Abstract

Single-phase modular impedance measurement unit (IMU) is a promising solution to power system stability analysis. Yet, existing designs only have modularity at the power-stage level other than the control-platform level, which restricts the scalability of modular IMUs. As such, this article proposes a distributed communication and control system (DCCS) for high-frequency large-scale modular IMUs with tight synchronization and low latency to enhance the controller-level modularity and scalability. The new architecture is realized on a widely adopted DSP+FPGA control platform that can be adapted from most existing centralized control systems (CCSs) of modular converters. In this article, the influence of synchronization accuracy (SA) on converter harmonics under carrier-based PWM is first investigated, followed by the study of communication latency's impact on the system control frequency.
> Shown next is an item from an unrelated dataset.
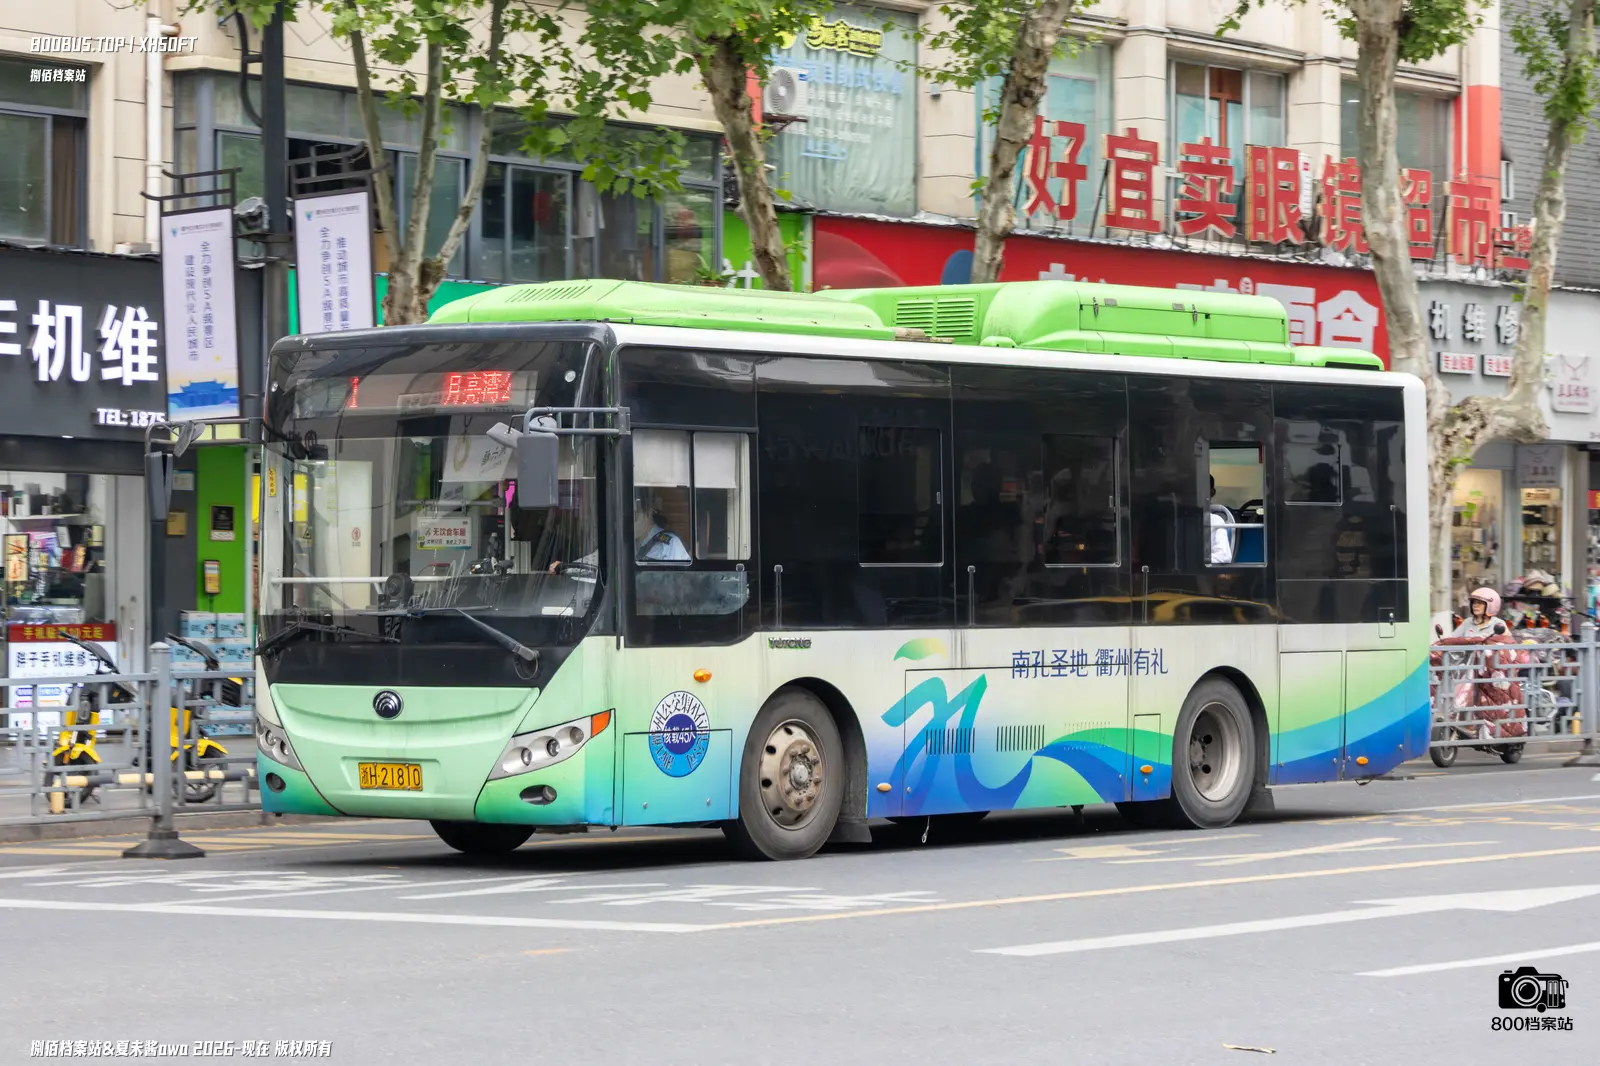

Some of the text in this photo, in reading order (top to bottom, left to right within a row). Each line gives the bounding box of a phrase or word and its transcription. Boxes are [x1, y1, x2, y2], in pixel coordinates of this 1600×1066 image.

[97, 408, 128, 425] TEL:
[1011, 647, 1169, 679] 南孔圣地 衢州有礼
Subsequently, the synchronization method of a combined oversampling clock and data recovery (CDR) plus precision time protocol (PTP) method is presented. Furthermore, a communication protocol to maximize control frequencies and a system-level control strategy are elaborated. Finally, controller- and converter-level experimental results are demonstrated on a 520-V, 20-A, SiC-MOSFET-based IMU prototype at 120-kHz equivalent switching frequency, achieving a well-performed +/- 12.5-ns SA and 60-kHz control frequency.